The $2 f$ signals are normalized with the direct signals to make them independent of the amount of light reaching the detector. The normalized $2 f$ sample signal is then subtracted with a processed version of the reference signal to achieve a balanced detection signal.¹² An ideal absorption signal is then fitted to the balanced detection signal, and from this the peak-to-peak distance is estimated, referred to as the WMS value. For small absorptions, the WMS value is proportional to the absorbance, and thus to the product of the gas concentration and the path length traveled by the light. To transform the WMS value to a more meaningful quantity, the standard addition method is used.¹⁴ The standard addition procedure is to add known path lengths of ambient air in-between the light source and the detector. At each distance, the WMS value is measured. A so-called equivalent mean path length $L_{e q}$ can then be estimated, corresponding to the air distance that the light has to travel in ambient air to obtain the same oxygen or water vapor absorption imprint. The calibration procedures for both gases were performed at room temperature of $25 ° C$ and a relative humidity of about 20%. It should be noted that one would expect 100% humidity in the sinus cavities due to liquid water in the surrounding tissue, with a temperature close to $37 ° C$ . At such a temperature, the water vapor pressure is about a factor of 2 higher than at $25 ° C$ .¹⁵ Thus, a particular water vapor signal from a sinus corresponds to about 1/10 of the surrounding air path length yielding the same signal. This factor is further discussed in Sec. 4.

2.3.

Gas Monitoring Procedure

The maxillary and frontal sinuses of human volunteers were investigated using the nonintrusive technique presented. In the case of the maxillary sinus, two different detection geometries were used (PC and CC), and in the case of frontal sinus studies, a single detection geometry was used (OF) as follows.

(PC) Palate - cheek bone geometry: fiber placed inside the mouth against the palate close to the sinus under study and the detector positioned on and around the cheek bone.
(CC) Cheek - cheek bone geometry: fiber placed outside on the cheek below the cheek bone and the detector positioned on the cheek bone.
(OF) Orbital edge - frontal bone geometry: fiber placed on the horizontal part of the frontal bone under the eyebrow pointing up toward the frontal bone and the detector placed at different positions on the frontal bone.

Before any measurements were performed on any human sinuses, two types of reference measurements were carried out to investigate any possible $L_{e q}$ offset in the current setup. The oxygen and water vapor signal were measured through the cheek below the cheekbone and through the hand of the volunteers where no free gas is expected. These measurements resulted in a consistently nondetectable gas imprint signal, showing that no gas offset is present due to gas between the setup components.

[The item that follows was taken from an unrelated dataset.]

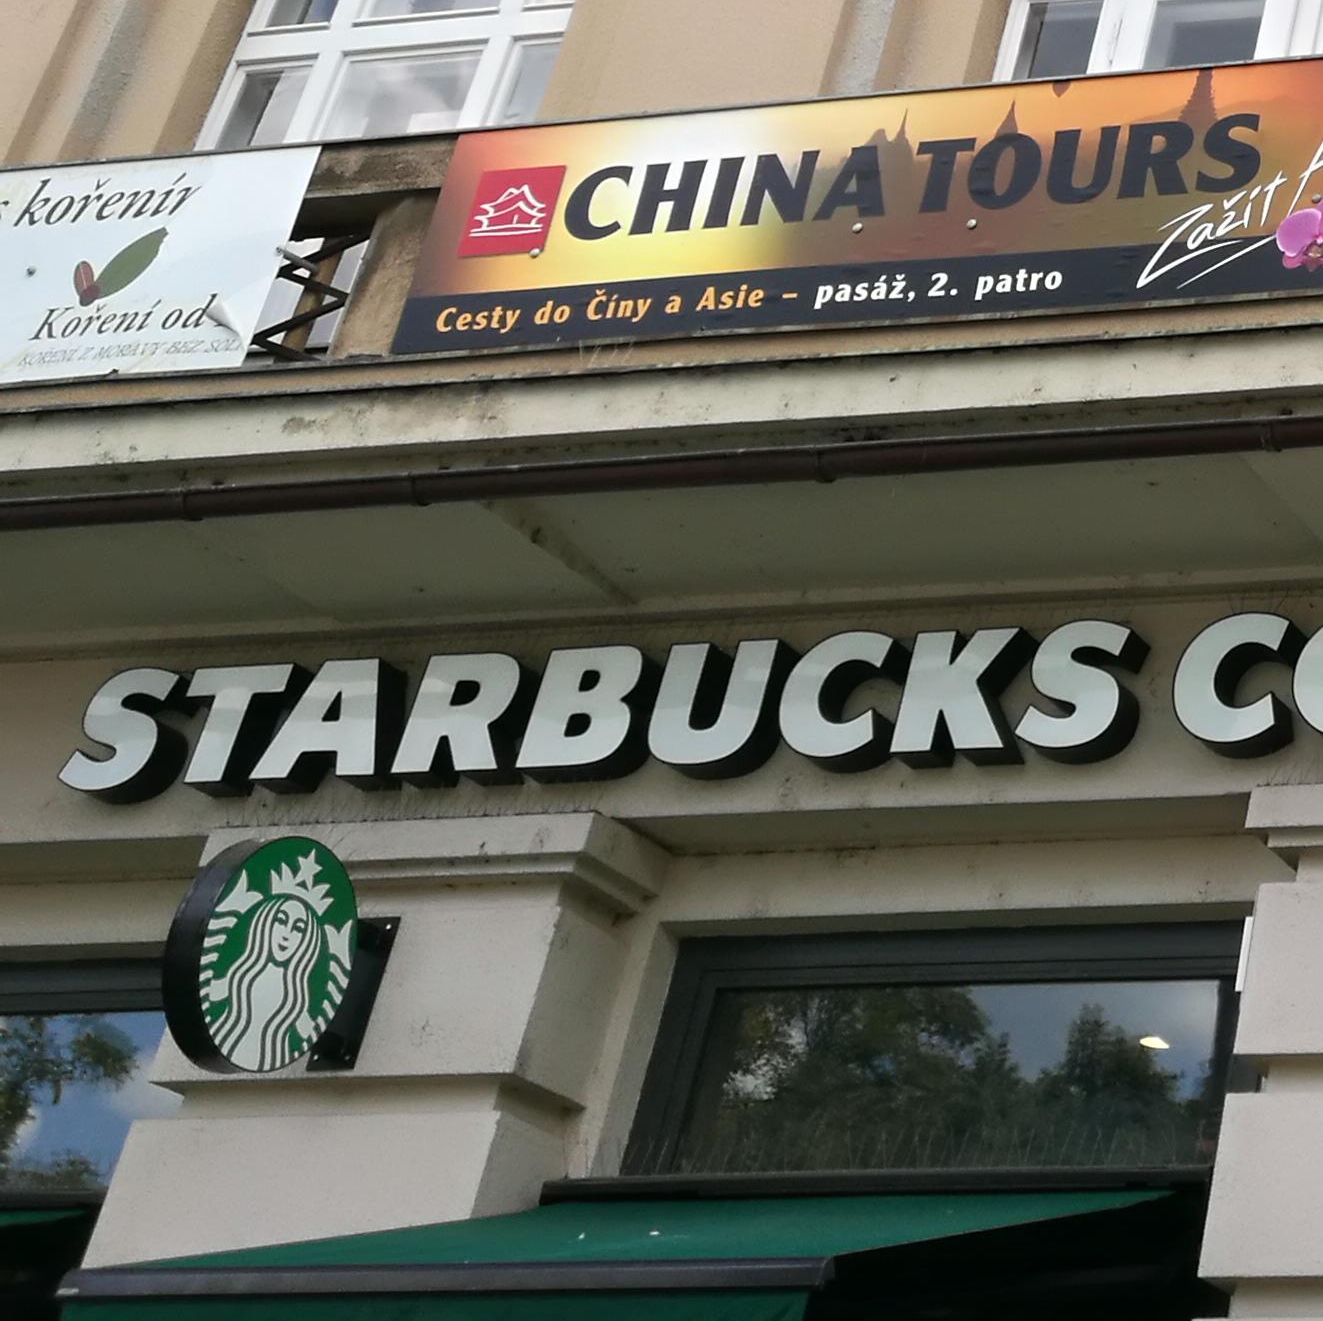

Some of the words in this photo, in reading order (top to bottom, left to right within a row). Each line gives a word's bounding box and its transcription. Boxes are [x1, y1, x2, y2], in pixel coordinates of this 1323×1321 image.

Molecular oxygen measurements were performed with geometry PC on 11 volunteers, 10 of which have no history of sinus problems (volunteers 1 to 10) and one with constantly recurring sinus problems (volunteer 11). The detector was placed at three different positions; on the cheek bone, slightly toward the nose, and slightly under the cheek bone. At each detector position, three consecutive measurements were performed by removing and repositioning the fiber and the detector between each recording. The reproducibility of the measured $L_{e q}$ values was also investigated by measuring ten consecutive times at each detector position for one volunteer.

Measurements of oxygen and water vapor were performed with detection geometry PC on the maxillary sinuses on volunteers 1, 2, and 11, and on volunteer 1 also with geometry CC. In addition, frontal sinus measurements with geometry OF were performed on volunteer 1. In the case of geometry PC and CC, the detector was positioned on the cheek bone. In the case of frontal sinus study, detection geometry OF, the detector was positioned at three different locations on the fontal bone toward the particular sinus; about $10 mm$ and about $20 mm$ straight up above the light source, and about $10 mm$ straight up over the center of the eyebrow. At each detector position, ten consecutive measurements were performed by removing the fiber and the detector between each recording. Molecular oxygen was measured first, followed by water vapor directly after using the same procedure.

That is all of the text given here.